How to Fix It: Link build by posting your content, sharing other peoples' content, and engaging in conversations regularly on social media. Also, link to other people in content you publish. If you're generous (but purposeful) with your outbound links, it encourages others to reciprocate. Another effective tactic is guest blogging on other people's sites, which gives you control over the anchor text used in the inbound link. And finally, believe it or not, awesome SEO experts ask people for links. Now, we do not endorse email blasting your list and asking them to link to your site. We do recommend reaching out to people in your industry with whom you have a good relationship and, when you truly have a good piece of content that would be a great complement to their site, suggesting they link to it.
6.) Your search strategy harps on design. Design can impact SEO, sure, but quality content, inbound links, and readability are far more important. Rebranding your site, changing the color scheme, and updating your logo are not going to move the needle in a meaningful way. In fact, these changes can sometimes hinder usability and seriously hurt your SEO.
How to Fix It: If your SEO agency or manager is telling you to redesign your site, back up and consider whether all your other ducks are in a row first. Is your content creation machine chugging along at a great pace? Are you confident in your ability to track your SEO progress? Are you rocking at getting quality inbound links? If so, you may be able to entertain the redesign discussion. Otherwise, that should be on the bottom of your priority list. Remember that your site should, however, have a logical URL architecture that makes use of keywords for which you're trying to rank, and include 301 redirects to ensure your site authority is not being split.

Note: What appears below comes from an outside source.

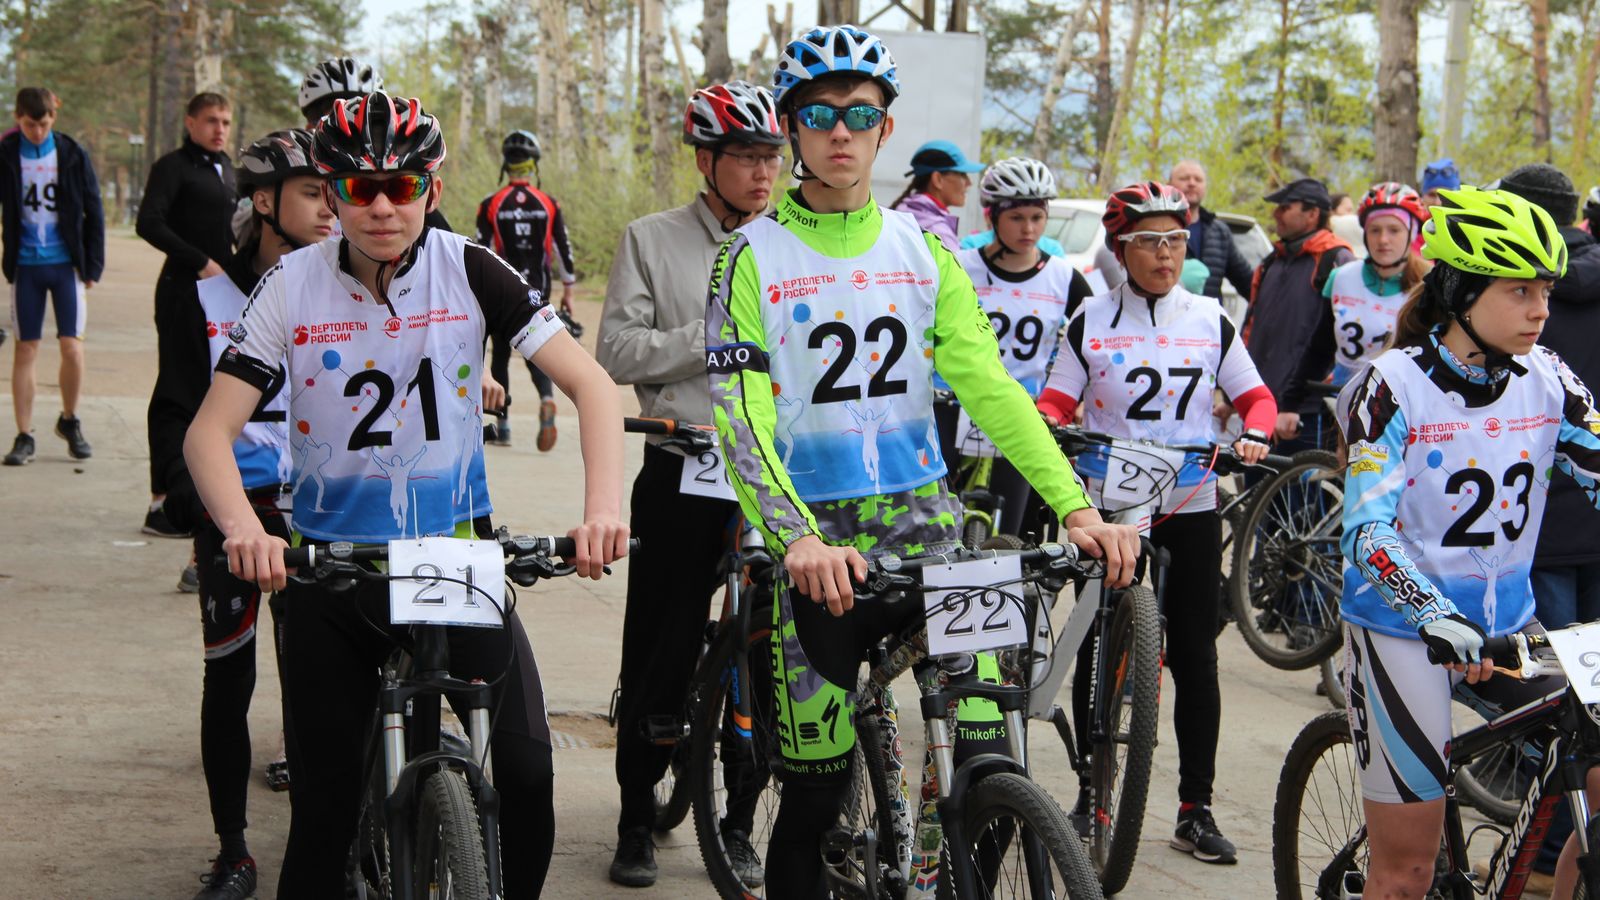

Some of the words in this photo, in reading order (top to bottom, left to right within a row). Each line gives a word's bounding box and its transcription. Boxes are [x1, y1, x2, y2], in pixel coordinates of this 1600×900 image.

7.) SEO efforts aren't being comprehensively tracked. SEO experts (and all marketers!) have to know what they're doing right, and what they're doing wrong. Not so you can bask in the glory of your success (but maybe bask a little; you deserve it) or rail against people who mess up (don't do that one), but so you can make improvements going forward and capitalize on success. If you're not tracking your SEO efforts now, how do you know if your time and money is worth it?
How to Fix It: If you're not tracking your efforts now, start measuring the following metrics to keep yourself on track: monthly listing position for keywords you're targeting, traffic generated from keywords, conversion rate (both to lead and to customer), inbound links, time on site, and bounce rate.
What do you think? Is your SEO soaring, sucking, or sitting somewhere in between?